In 1736, de Troy was commissioned to design seven scenes from the Old Testament book of Esther for the Gobelins tapestry manufactory. The story of Esther, the Jewish queen of the Persian king Ahasuerus, had been dramatized as a tragedy by Jean Baptiste Racine (1639–1699) in 1689. This preliminary sketch for the cartoon (Musée du Louvre, Paris) shows Esther's uncle Mordecai led in honor through the city of Susa by Haman. Mordecai, who had saved the king's life, was appointed chief minister. The cartoon was prepared in Rome, de Troy having been appointed director of the French academy there in 1738. The sketch, cartoon, and tapestry (Mobilier National, Paris) depict the crowded scene in vibrant colors and great detail. The cartoon, exhibited at the 1740 Salon, was engraved by Pierre Ignace Parrocel (1702–ca. 1775) and Jacques Firmin Beauvarlet (1731–1797). The tapestries were woven between 1738 and 1744 and at various times later in the eighteenth century.
Katharine Baetjer 2013
Support: This preparatory sketch was executed on a plain-weave, hand-loomed canvas. The original canvas ends approximately one inch inside the stretcher edges. This is the result of a very old glue lining, in which the tacking margin was cut away and the painting adhered to an auxiliary fabric support. X-radiography revealed that the right and left edges of the original canvas show significant weave deformation caused by the initial stretching of the fabric, whereas at the top and bottom these are not as pronounced. However, due to the rectangular configuration, it is possible that the vertical edges were pulled with greater force than the horizontal ones. Later versions by de Troy of this composition do not suggest that there were significant changes to the original format. The lined canvas was tacked to a wood stretcher that is not original but was added as part of the earlier treatment. The area surrounding what remains of the original surface was filled with putty and retouched to match adjacent original paint. Most of the retouching is covered by the rebate of the frame.
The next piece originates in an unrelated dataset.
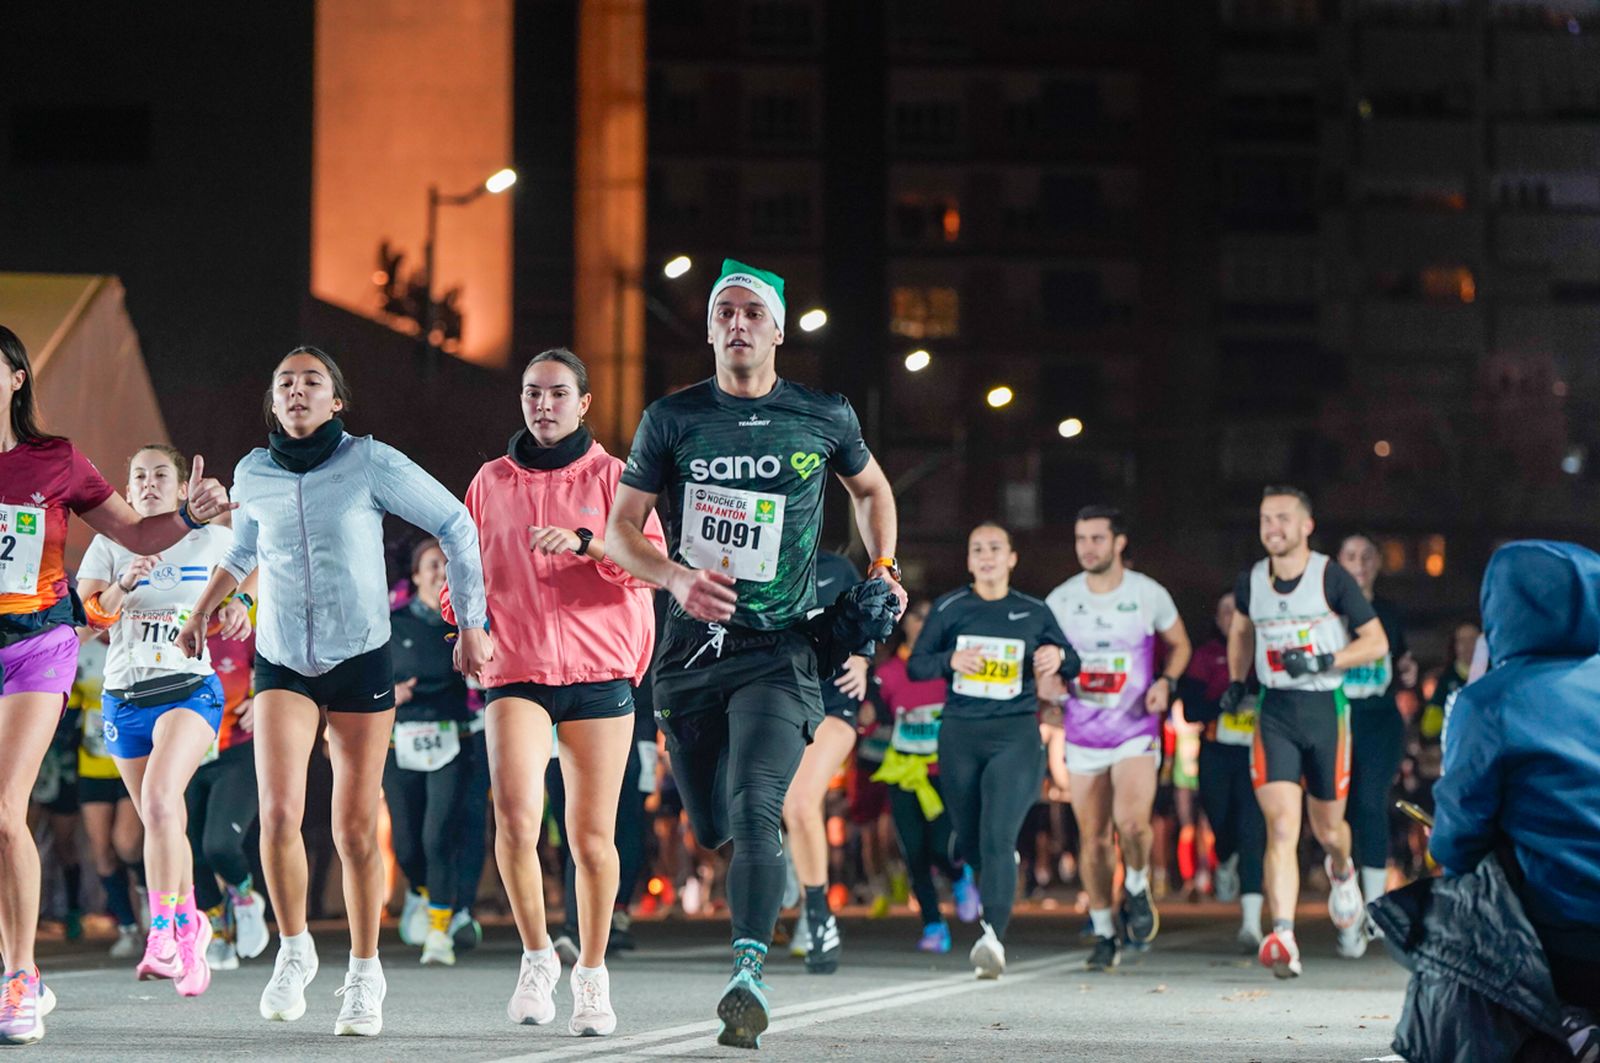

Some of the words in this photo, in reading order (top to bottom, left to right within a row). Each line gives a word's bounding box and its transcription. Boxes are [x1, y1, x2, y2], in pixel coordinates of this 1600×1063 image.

Ground: The canvas was prepared with a double ground consisting of a pinkish layer below a pale grey layer. This double preparation imparts a warm creamy mid-tone to the entire composition, which de Troy exploited deftly as he developed the overlying paint layers. Infrared reflectography did not reveal any underdrawing, and the artist must have used loose underpainting to lay out this complex composition, as no changes were noted with any of the other imaging techniques.
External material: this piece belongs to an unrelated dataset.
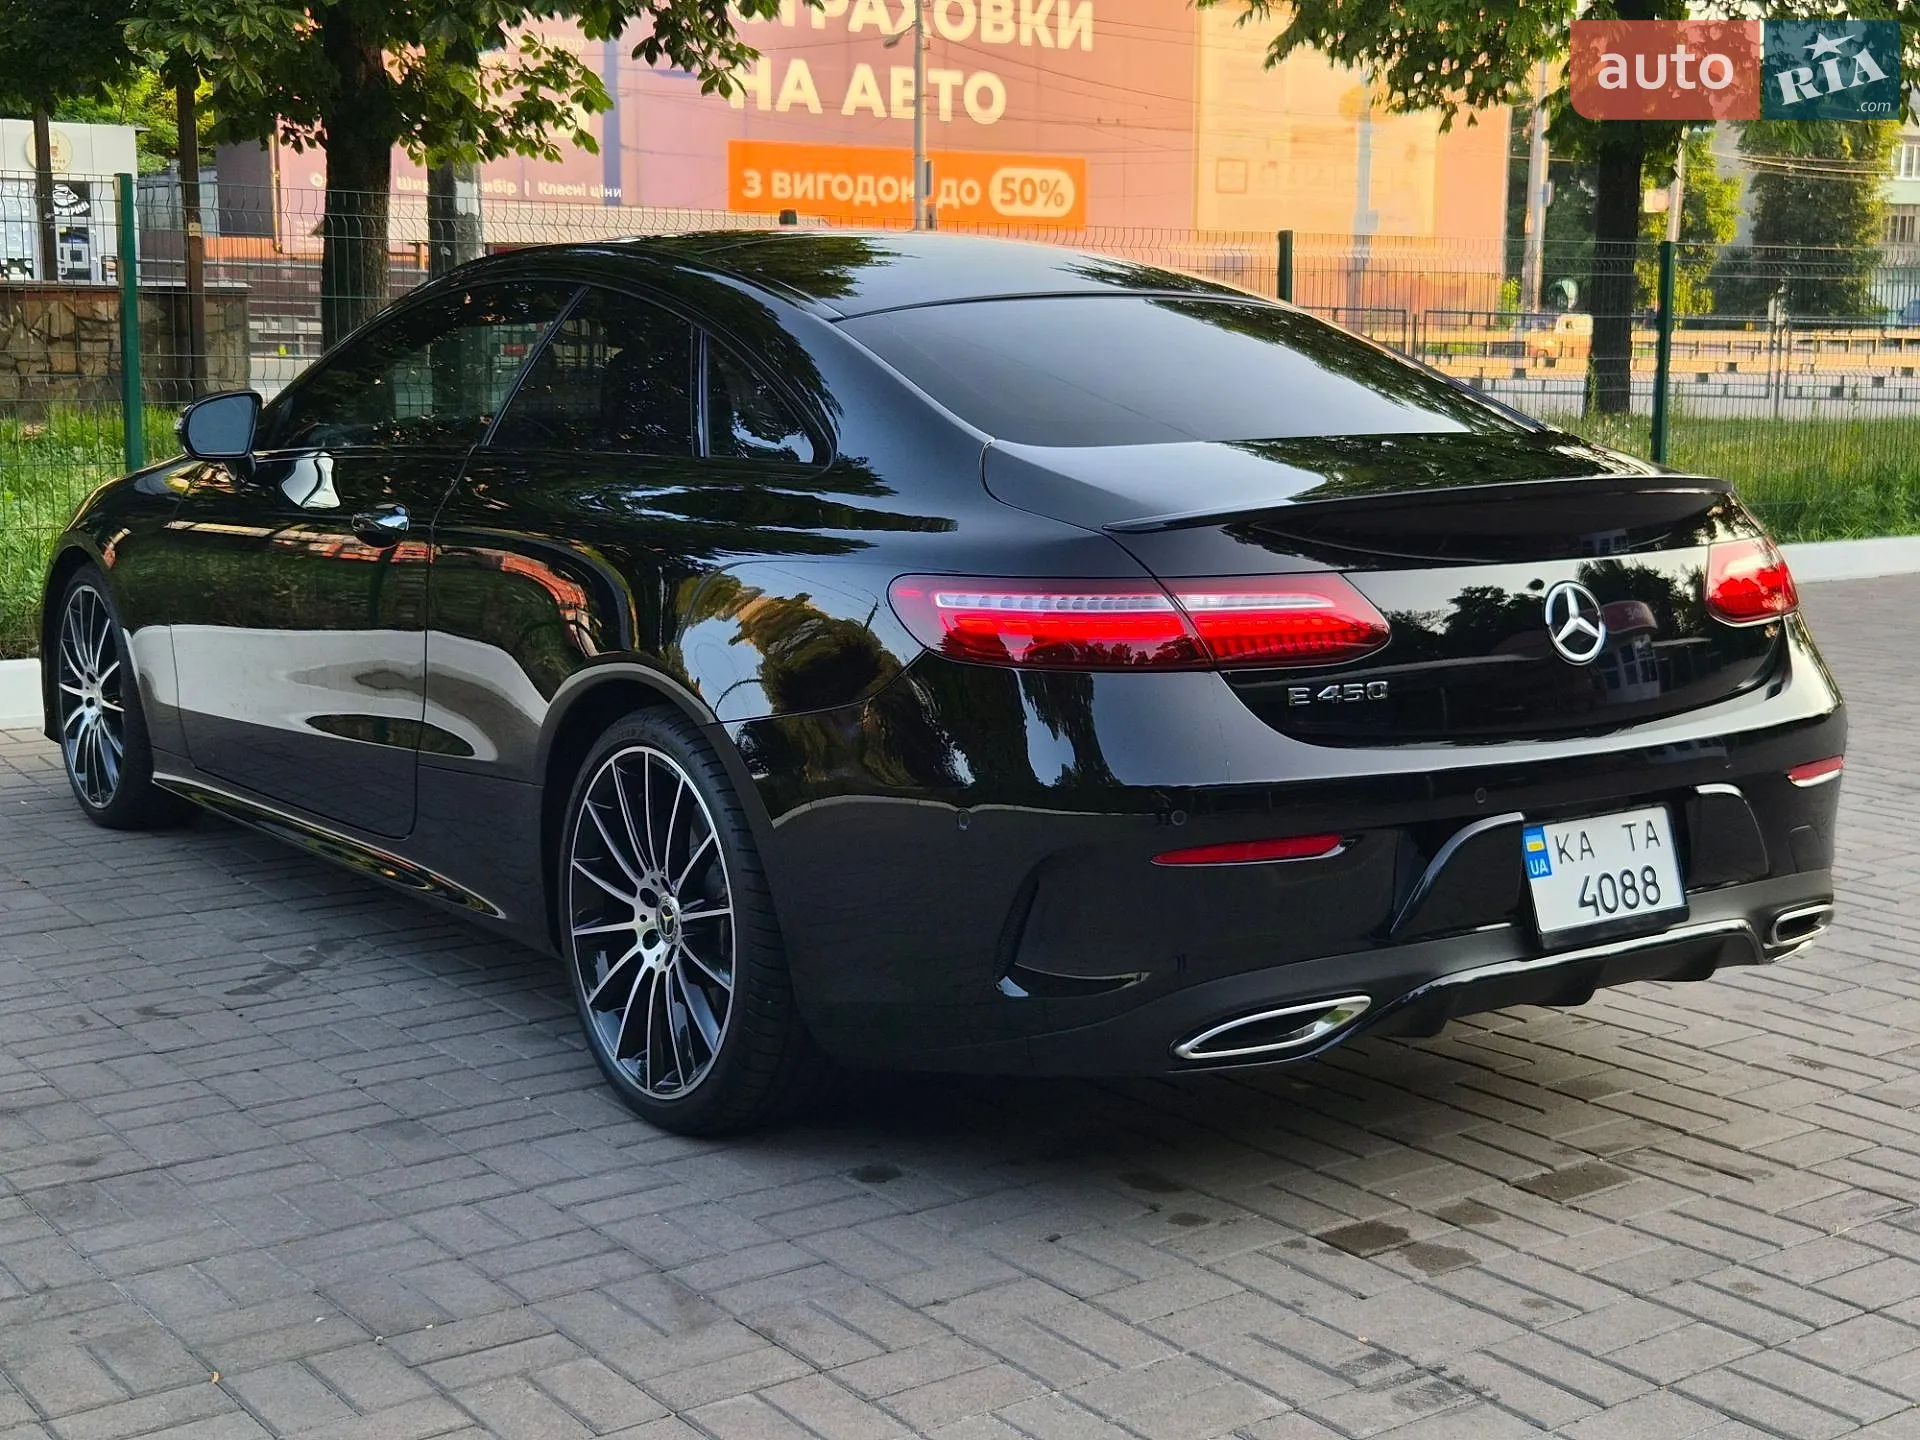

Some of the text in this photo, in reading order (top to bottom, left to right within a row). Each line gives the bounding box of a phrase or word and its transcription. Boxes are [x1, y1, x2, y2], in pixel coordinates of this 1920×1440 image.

Paint Layers: The oil paint layers were worked in a medium to fluid consistency using a wet-on-wet technique. In general, the white passages have more body than the dark ones, which tend to be painted thinly over the ground. De Troy’s brushwork appears rapid and confident throughout.
[José Luis Lazarte Luna 2017]
[Georges Hoentschel, Paris, until 1906; sold to Morgan]; J. Pierpont Morgan, New York (1906)
Jean François de Troy. Letter to M. Orry. August 29, 1738 [published in Anatole de Montaiglon and Jules Guiffrey, "Correspondance des directeurs de l'Académie de France à Rome," Paris, vol. 9, 1899, p. 349], writes that he has not been able to work on the paintings [cartoons], since he does not have the sketches with him.
chevalier de Valory in L. Dussieux et al. Mémoires inédits sur la vie et les ouvrages des membres de l'Académie Royale de Peinture et de Sculpture. Paris, 1854, vol. 2, p. 277, dates the sketches to 1736, and states that the cartoon for the Triumph of Mordecai was painted after de Troy arrived in Rome in 1738.
Joseph Breck and Meyric R. Rogers. The Pierpont Morgan Wing: A Handbook. New York, 1925, p. 299, call it a study for the Louvre painting.
Gaston Brière in Louis Dimier. Les peintres français du XVIII siècle. Vol. 2, Paris, 1930, pp. 18–19, 34, no. 18, conflates this painting and the ex-Rothan version.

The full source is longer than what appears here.